In monetizing the functional and psychological costs and benefits between the two options, the trick or key is to have a clear understanding of the profiled consumer.  This means having a true handle on current customers and seniors living in the community.  For example, a psychological benefit to senior housing versus remaining at home is security.  It is possible to measure the value of security by talking to your current customers and imputing a value for a security service to the remain at home option.  A functional value is transportation and convenience.  If for example, the senior housing option provides shopping trips to local grocery stores or has an in-facility delicatessen and convenience store, the cost between the two options in terms of convenience and transportation is measurable.  Other examples such as activity, access (even at a cost) to prescription drug delivery, on-site medical care, check-in services, laundry, housekeeping, etc. are all items with a potential functional and psychological benefit.  Perhaps the most under-valued is the access to on-site, future health care such as an incorporated Assisted Living or Skilled Nursing Facility, even if such access is nothing more than guaranteed accommodation without a price reduction.  The important point here is that each functional and psychological benefit that is discernible and tangible to current customers has a value that is quantifiable and comparable across each option or living alternative.

The value proposition is the accumulation of the monetized values for the core product or service plus the functional and psychological factors.  Consumption activity incorporates all three elements and effective marketing strategy is grounded in communicating the value proposition of a product/service as compared to all other alternatives.

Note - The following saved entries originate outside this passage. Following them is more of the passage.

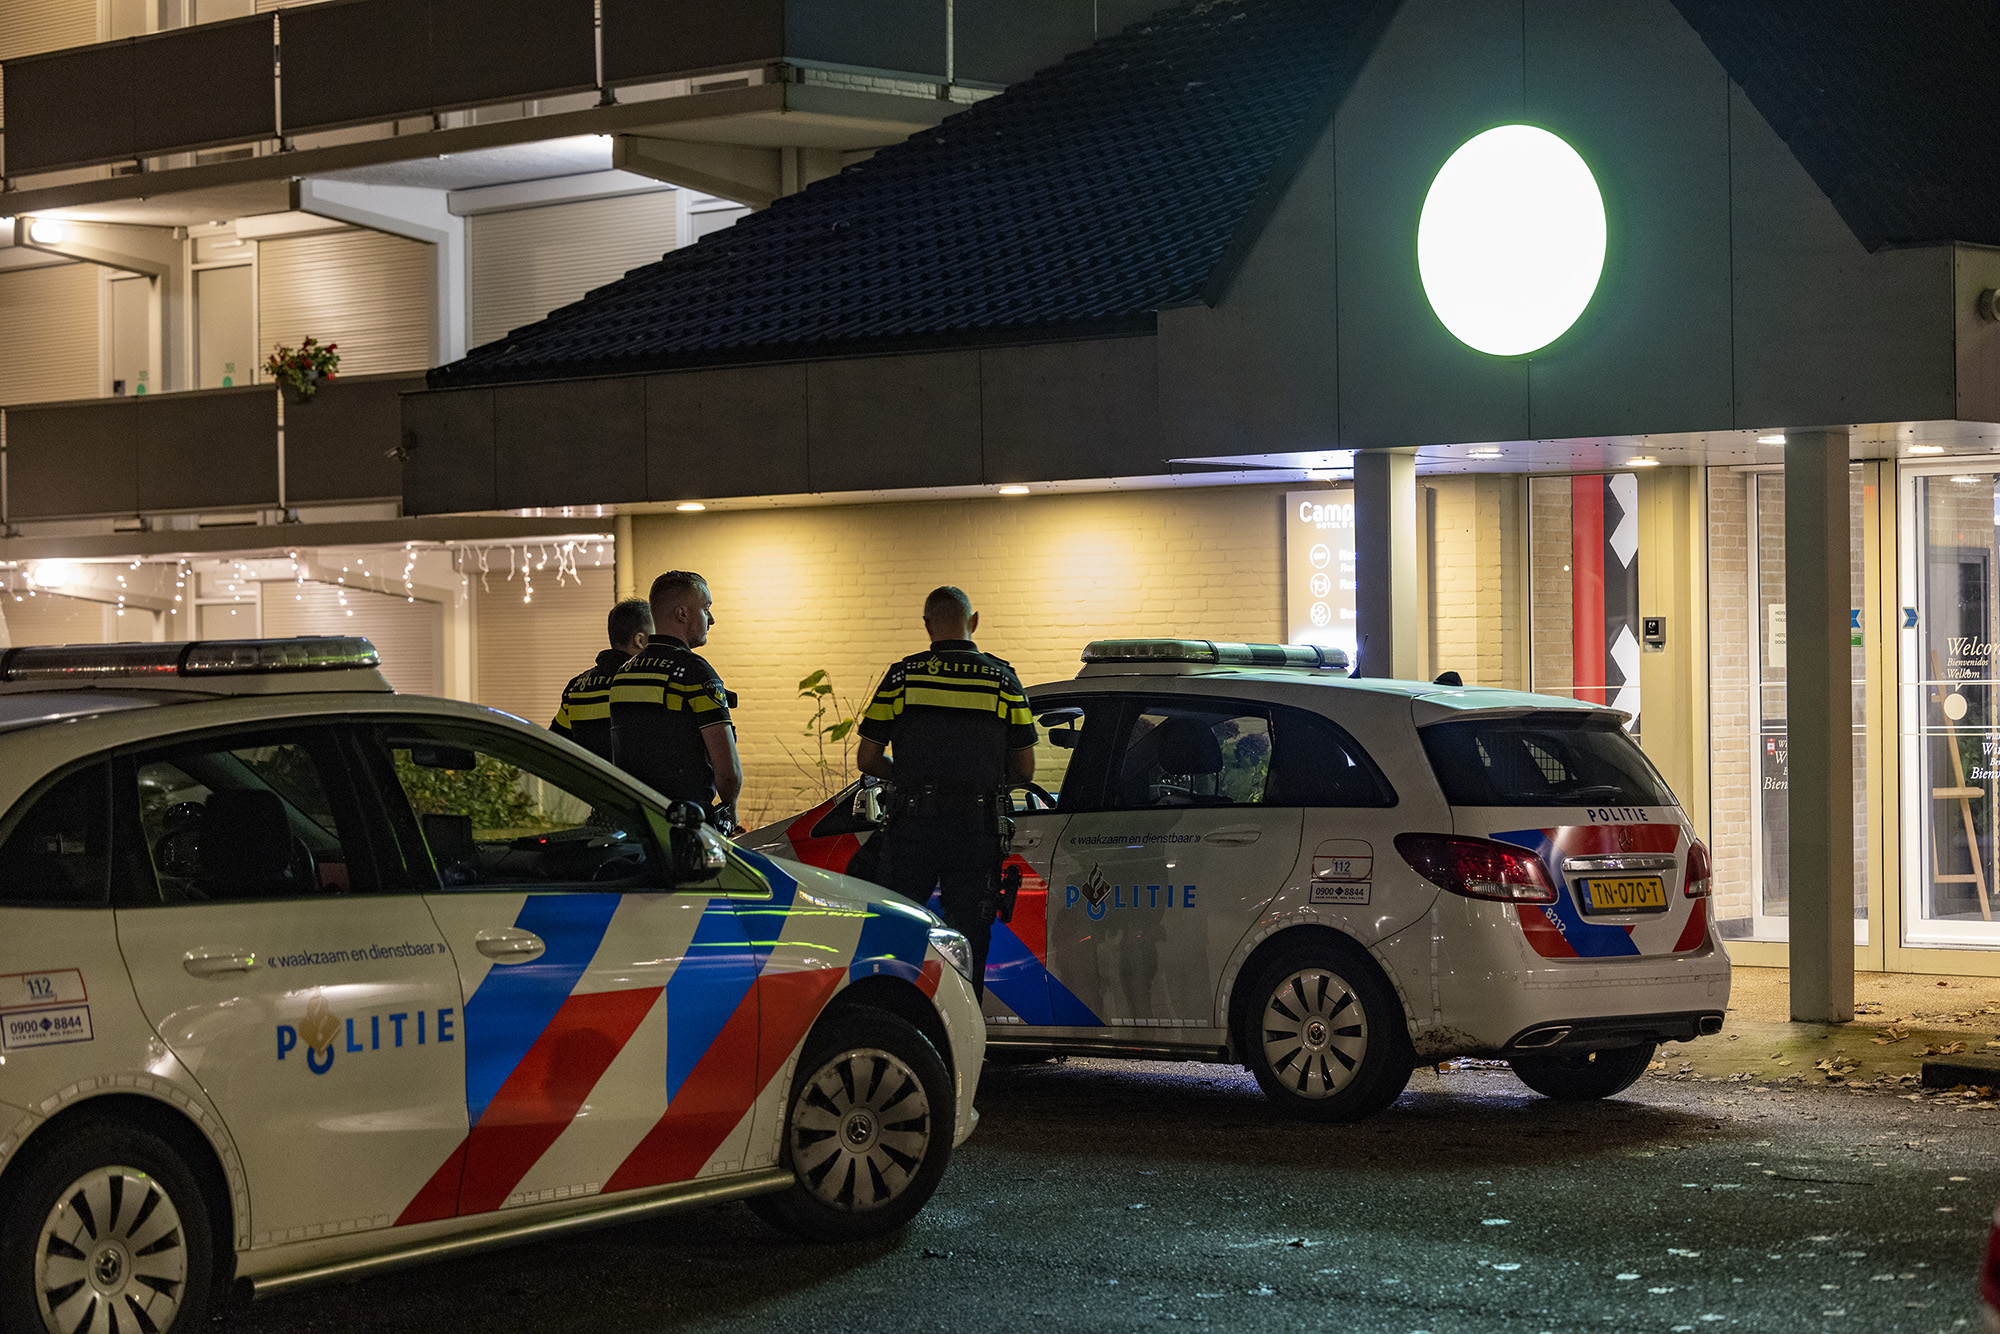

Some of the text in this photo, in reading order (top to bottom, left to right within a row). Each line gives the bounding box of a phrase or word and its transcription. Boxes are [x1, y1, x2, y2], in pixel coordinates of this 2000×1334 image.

[917, 660, 989, 675] POLITIE
[1947, 657, 1989, 666] Bienvenidos
[1947, 668, 1980, 679] Welkom
[1586, 808, 1649, 823] POLITIE
[1078, 834, 1128, 845] waakzaam
[1128, 835, 1141, 844] en
[1142, 832, 1194, 844] dienstbaar
[1334, 861, 1351, 872] 112
[1315, 887, 1364, 896] 0900 8844
[1592, 881, 1659, 905] TN-070-T
[1065, 884, 1197, 921] POLITIE
[1545, 907, 1567, 935] 8212
[278, 949, 351, 968] waakzaam
[351, 949, 369, 962] en
[369, 941, 436, 960] dienstbaar
[27, 977, 53, 995] 112
[10, 1020, 38, 1035] 0900
[53, 1015, 82, 1030] 8844
[276, 1007, 455, 1075] POLITIE

Of course the largest difficulty arises in communicating values ascribed to psychological factors.  The key in doing so is the heavy use and reliance upon, current satisfied customers.  They are the source of input as well as the ground for determining monetary values associated with the related psychological factors.

As senior housing demand is highly elastic, creating and communicating a value proposition is critical in terms of developing potential customers.  I would argue that the same approach is as critical for SNFs that are looking to attract certain types of patients with certain payer sources.  In using the above approach, an SNF would complete its economic analysis against its competitors, again monetizing the core service, the functional and psychological factors.  In many regards, completing the analysis against existing competitors is an easier exercise as quantifiable data is far more plentiful.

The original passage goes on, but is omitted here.